The second motion, the Support for Individuals that Menstruate Position Motion, was also submitted and presented by Sutera Sardo. It requests that ASFA finance and supply feminine products in all MA offices for students in need. Sutera Sardo said that ASFA, an organization which represents more than 20,000 students, many of whom experience menstruation, may not have the funds or means to acquire feminine hygiene products. She said this is especially prominent at the Loyola Campus, which is located in an area where it is not as easy to acquire these products, as pharmacies are not close by.

“Be it resolved that the ASFA recognize the experiences of individuals who menstruate and actively take actions to alleviate the barriers that they face,” said Sutera Sardo.

In Sutera Sardo’s motion, she requested that ASFA create a permanent “Feminine Hygiene Products” budget line within the Advocacy Committee budget, allocating $2,000 to the purchasing of a variety of feminine hygiene products for each school year.

“ASFA Advocacy Committee [would] be responsible for making a variety of feminine hygiene products available for free in continuity to its members on both campuses through its downtown and Loyola offices, as well as the offices of its member associations,” said Sutera Sardo.

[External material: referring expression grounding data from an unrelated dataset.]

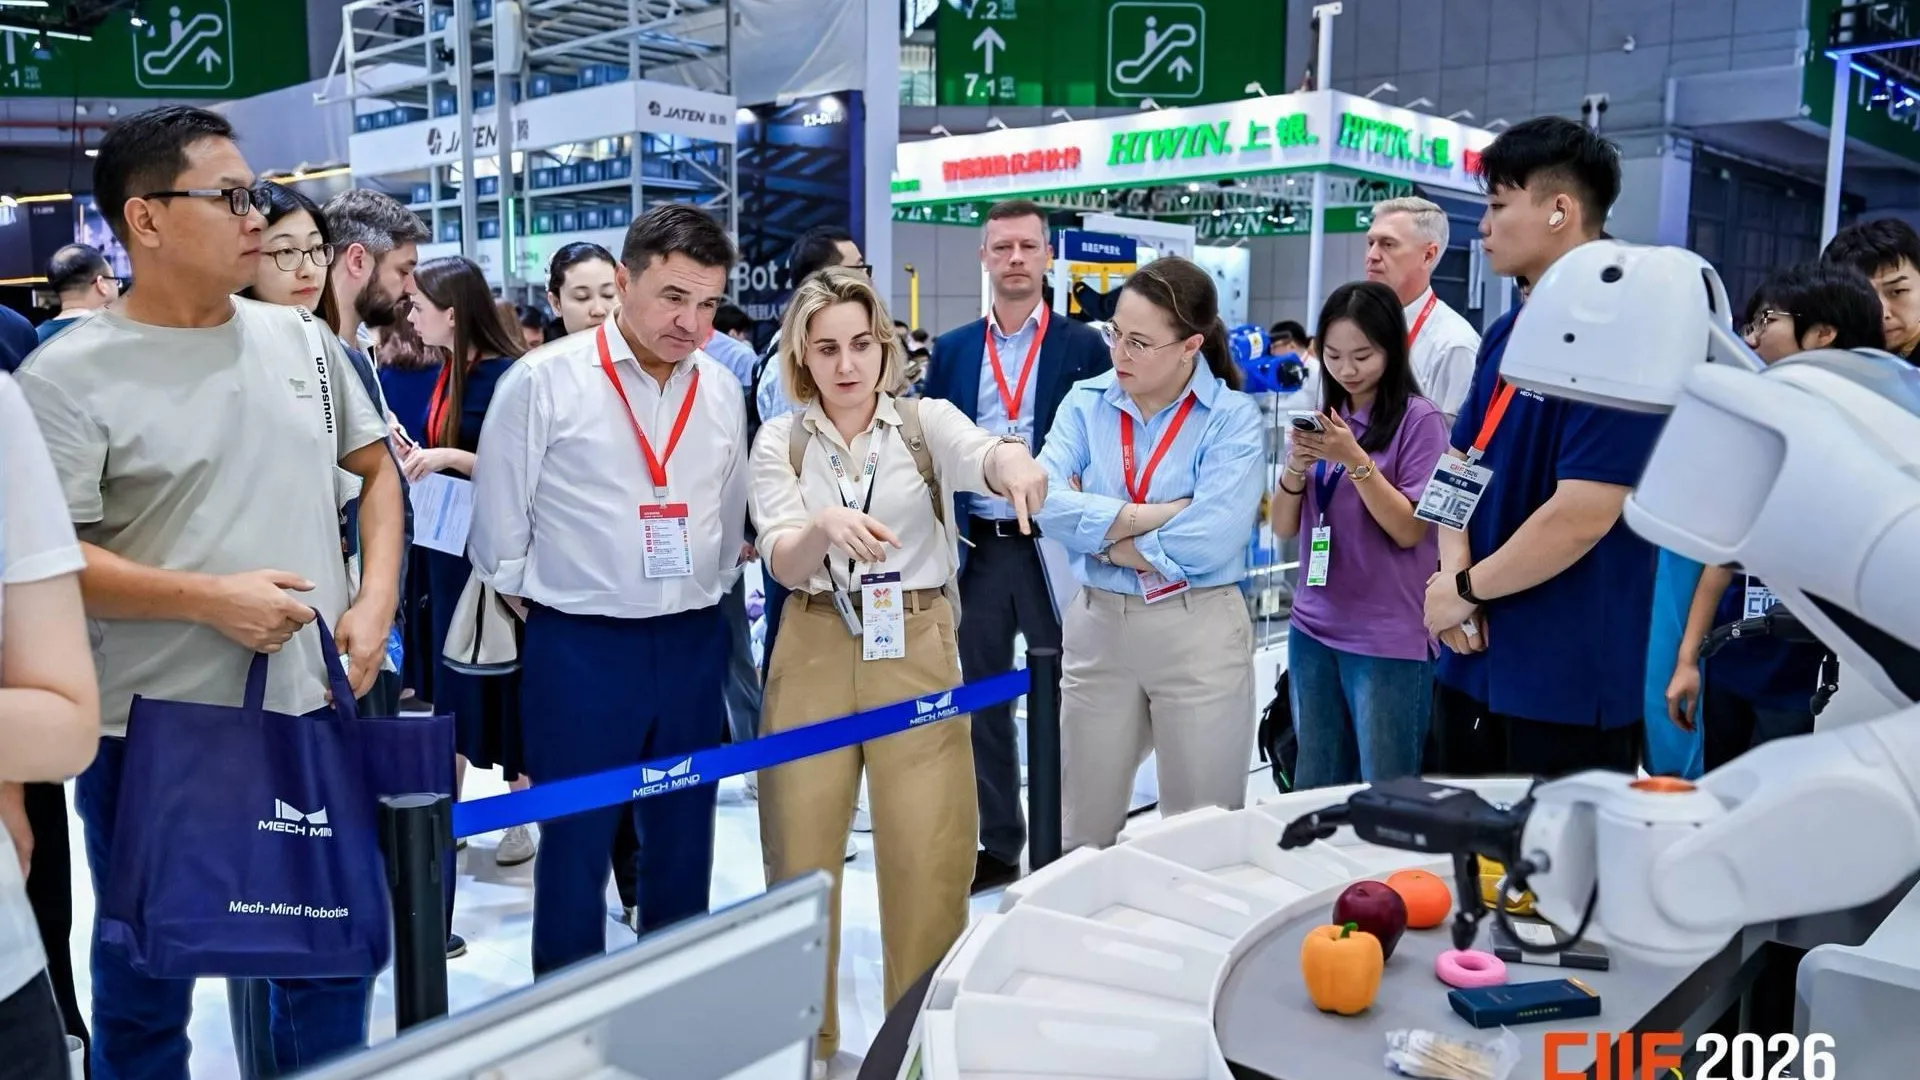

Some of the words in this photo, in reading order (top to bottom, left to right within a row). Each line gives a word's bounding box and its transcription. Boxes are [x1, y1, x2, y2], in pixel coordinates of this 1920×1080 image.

[964, 73, 996, 97] 7.1
[664, 107, 705, 122] JATEN
[909, 712, 937, 726] MECH
[632, 781, 669, 798] MECH
[671, 773, 701, 789] MIND
[258, 820, 306, 836] MECH
[228, 900, 302, 916] Mech-Mind
[304, 905, 349, 919] Robotics
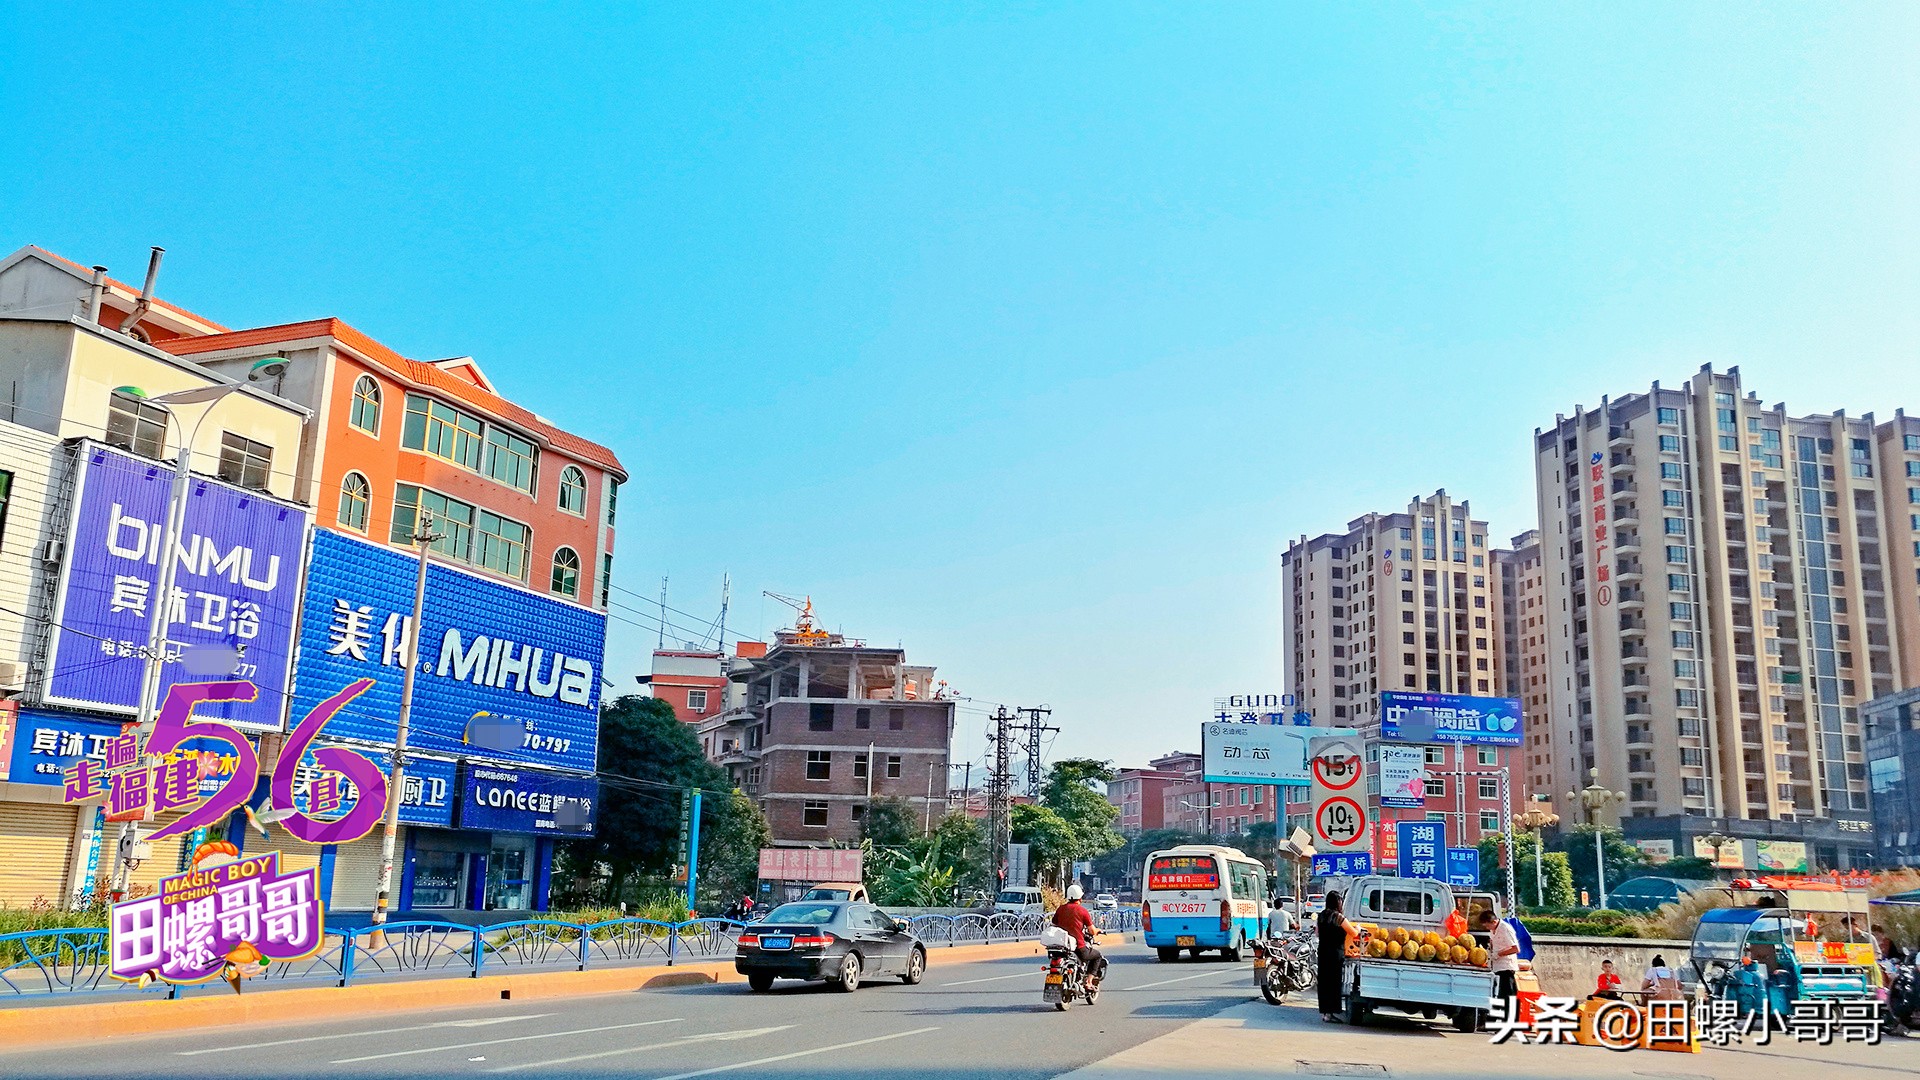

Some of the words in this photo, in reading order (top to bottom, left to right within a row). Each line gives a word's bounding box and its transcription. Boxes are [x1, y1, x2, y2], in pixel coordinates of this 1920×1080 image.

[1591, 464, 1610, 582] 联盟商业广场
[326, 598, 421, 670] 美化
[1386, 704, 1481, 731] 中阀芯
[30, 728, 107, 761] 宾沐卫
[1328, 805, 1353, 824] 10t
[1410, 826, 1437, 880] 湖西新
[1450, 852, 1474, 861] 联盟村
[1162, 903, 1207, 913] 闽CY2677
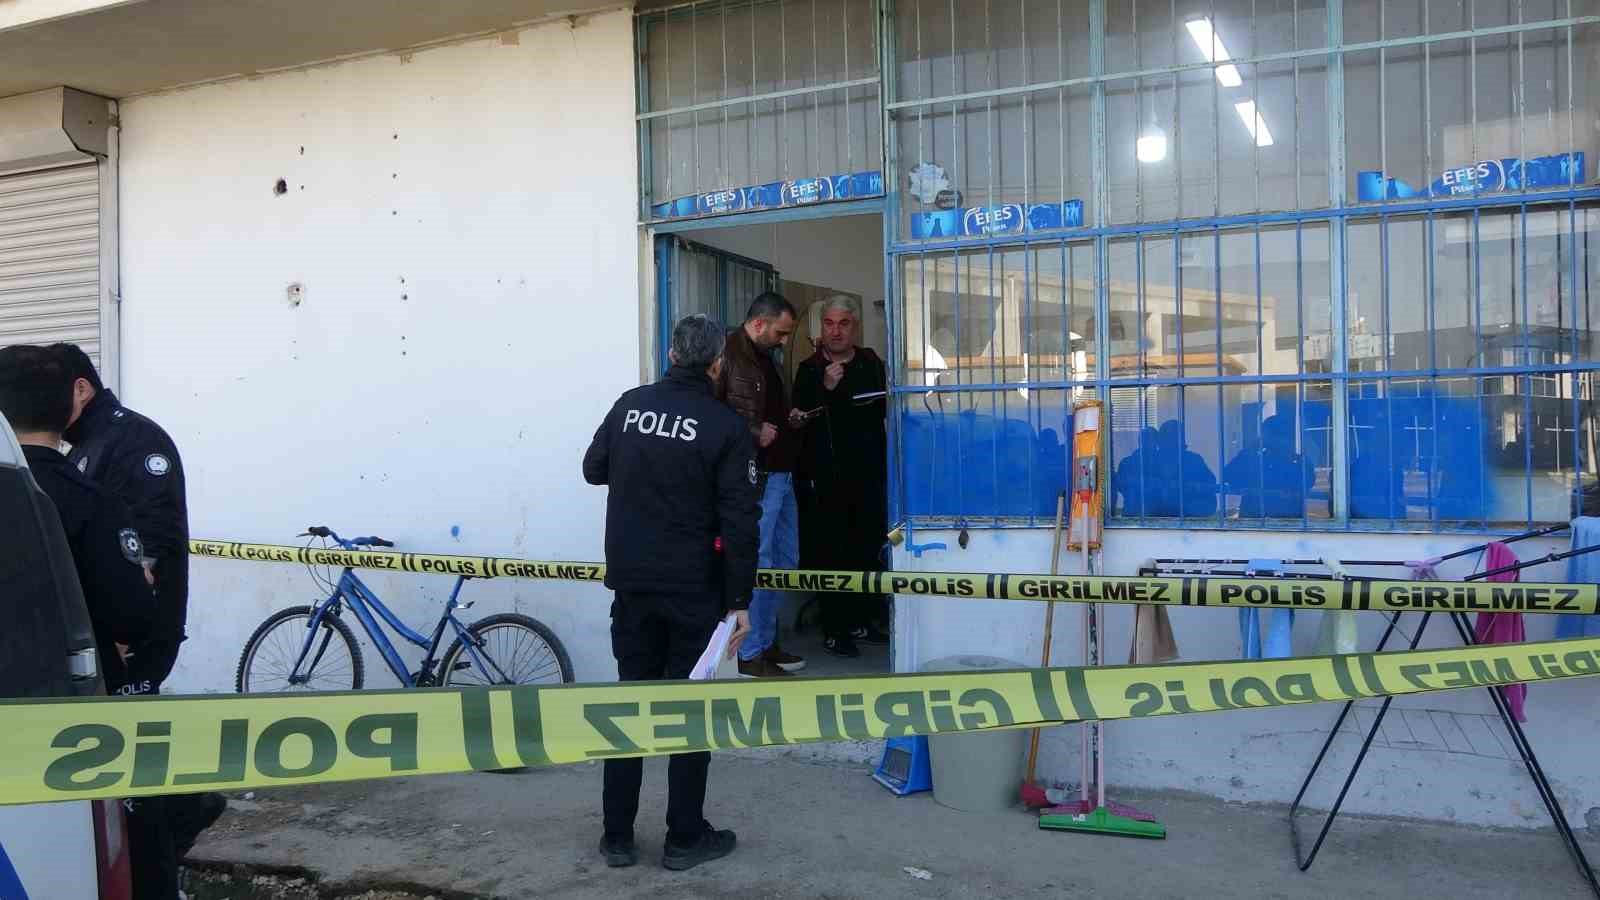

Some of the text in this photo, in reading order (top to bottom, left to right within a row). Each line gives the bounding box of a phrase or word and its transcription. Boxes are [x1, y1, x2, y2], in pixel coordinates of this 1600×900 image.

[1442, 163, 1490, 185] EFES
[705, 190, 736, 207] EFES
[790, 180, 824, 198] EFES
[975, 206, 1012, 226] EFES
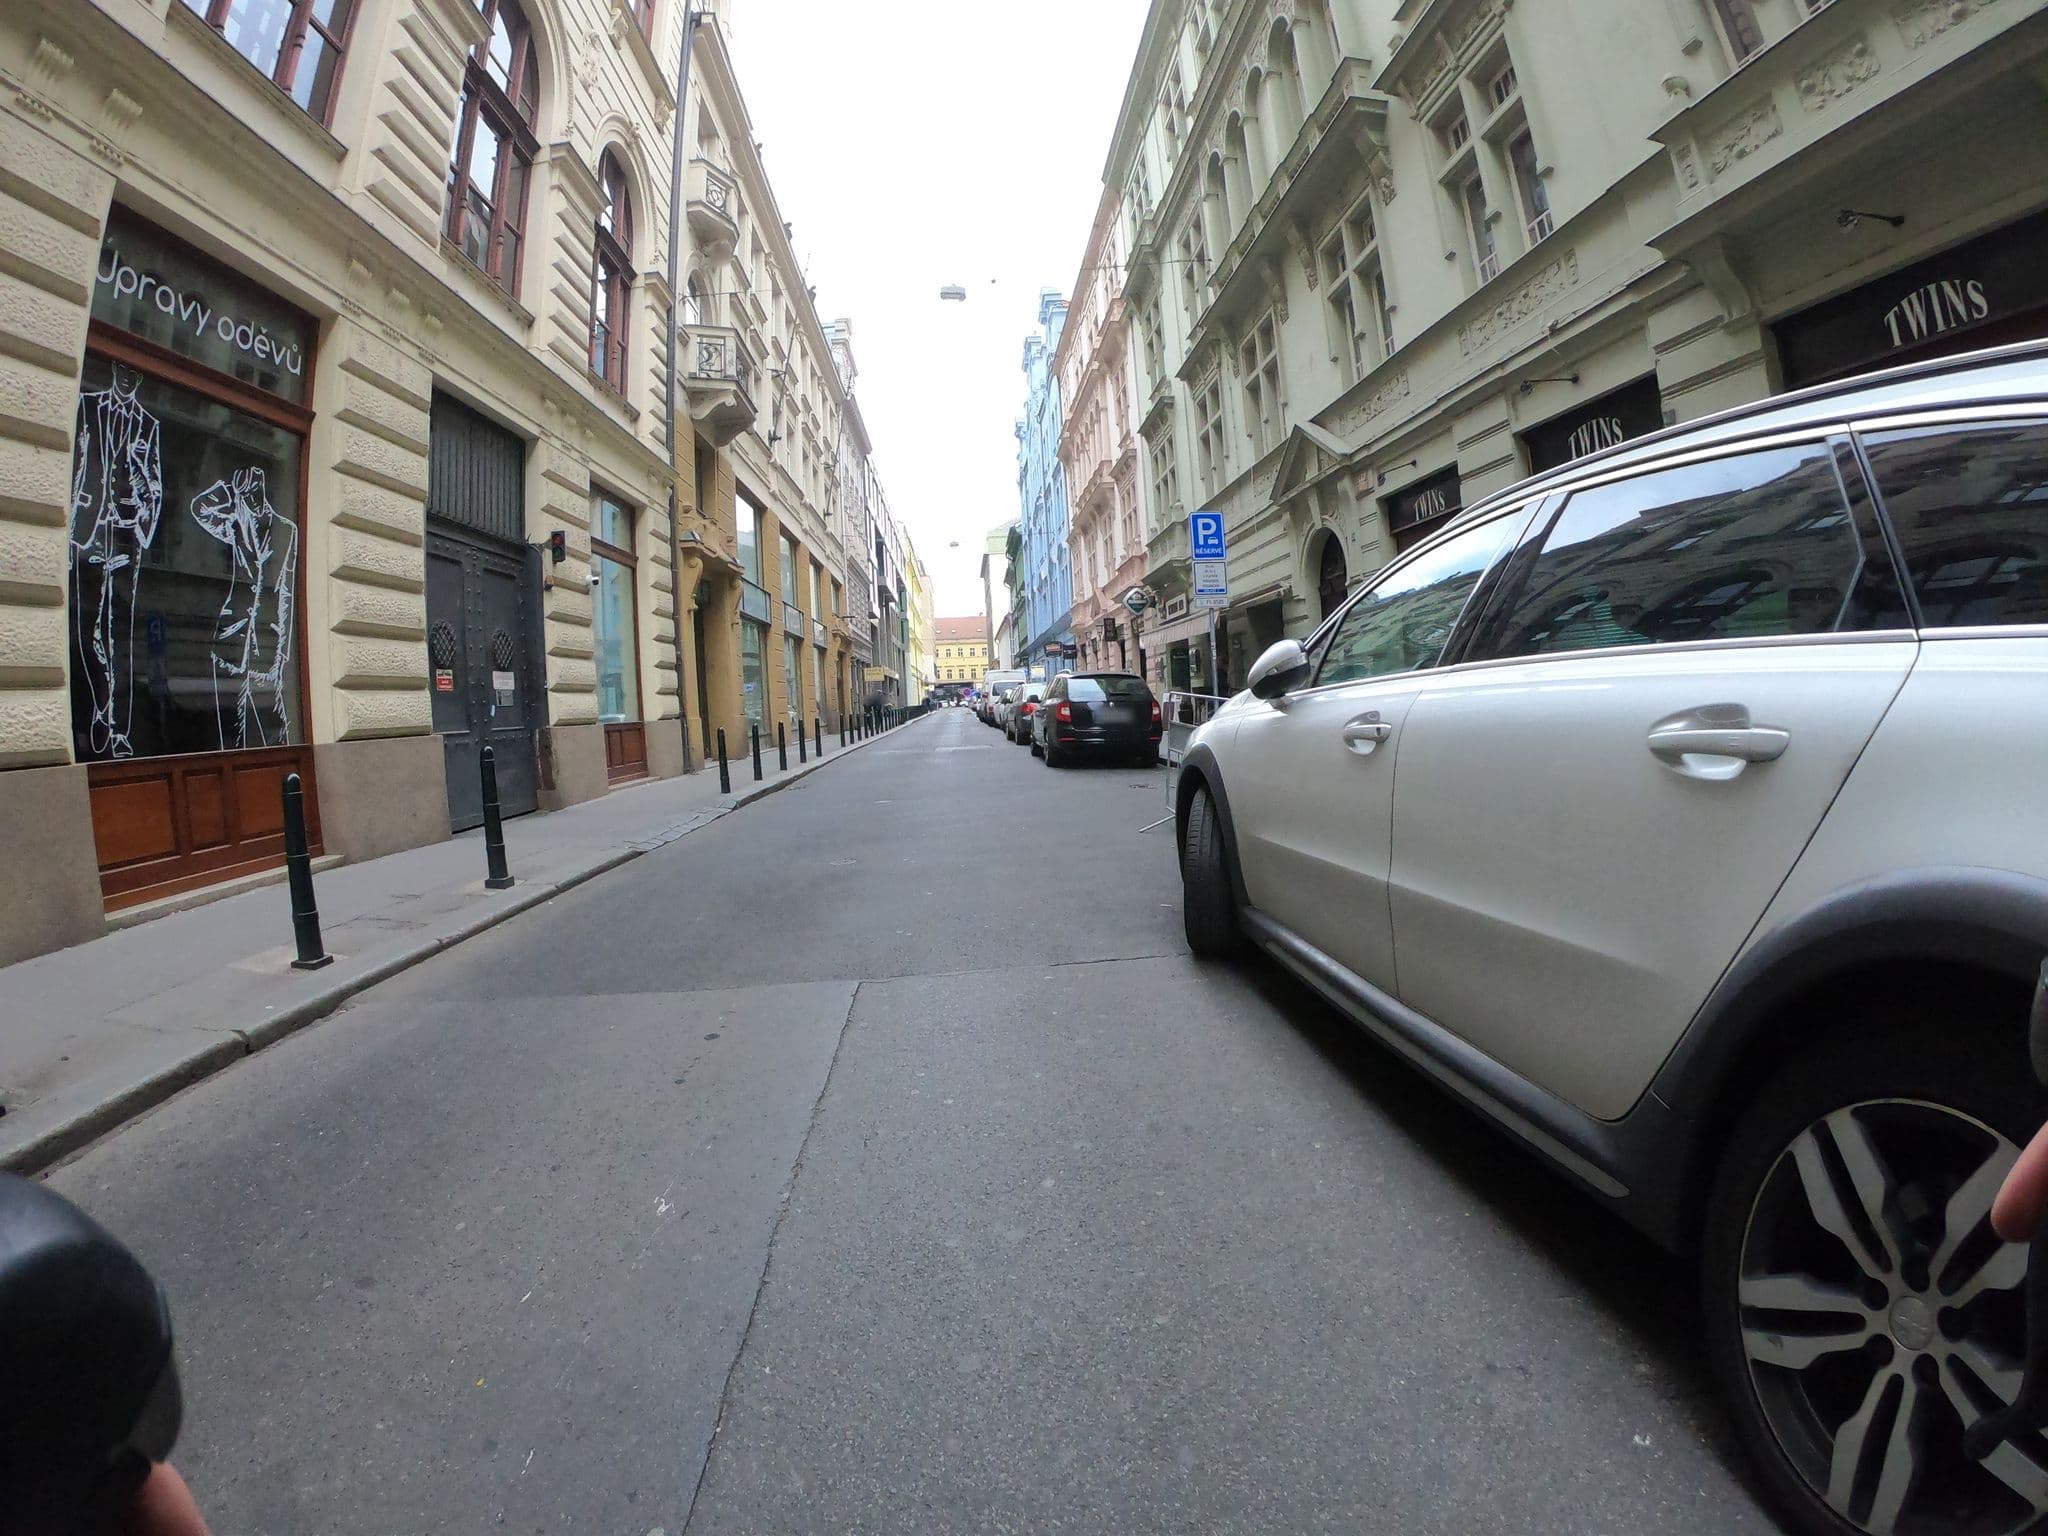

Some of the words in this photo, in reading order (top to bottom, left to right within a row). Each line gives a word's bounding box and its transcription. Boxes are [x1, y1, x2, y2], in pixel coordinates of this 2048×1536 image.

[1883, 279, 1989, 347] TWINS
[217, 315, 302, 376] oděvů
[1567, 416, 1624, 460] TWINS
[1413, 489, 1446, 521] TWINS
[1197, 518, 1217, 545] P

Christina Massaro, the ASFA vice-president of finance, spoke against the motion. “If you go to Health Services, you can easily get a pack that comes with two tampons and a pad,” Massaro said during council. Those in need of feminine products will think of Health Services before they think to come to ASFA, said Massaro.

In response, Sutera Sardo said she has been approached by some students who said it was easier and more accessible to go to a MA office, rather than Health Services. “If you’re on the 12th floor of [the Hall building], it’s easier to go to either the Geography Undergraduate Student Society or the Political Science Students’ Association and get yourself a pad and tampon,” said Sutera Sardo. “You can’t necessarily run to Health Services.”

Sutera Sardo said Health Services has run out of these supplies before and for someone in need on the Loyola campus, it is harder to find feminine products close by.

The motion was not fully passed, but the motion was tweaked so that MAs, councillors and executives would agree that ASFA should recognize the barriers people who menstruate may face.

Sutera Sardo told The Concordian the $2,000 ASFA would be budgeting towards the initiative discussed will be on hold until the next ASFA council meeting in February. By then, a plan for how to distribute the supplies from MA offices will be determined.

Sutera Sardo told The Concordian ASFA appointed Georgios Simeonidis as an independant councillor during council.

ASFA went into closed session for the hiring of ASFA vice-president of communications and promotions, and the details of the deliberations were not disclosed. However, ASFA president Andrea Krasznai told The Concordian the position will be filled by Paula Monroy, an undergraduate from the urban studies program.

Krasznai mentioned that, during the closed session, there was a motion passed concerning the general elections. “All I know right now is that we’re going to have the general elections between March 1 and 31,” she said. The general elections will be held to choose the incoming ASFA executives and independent councillors for the 2017-2018 school year.

ASFA’s next council meeting will be held on Feb. 9 held in Hingston Hall, Wing HC, Room 155 on Loyola campus.

The Concordian has updated this article for accuracy purposes. We apologize and deeply regret the error.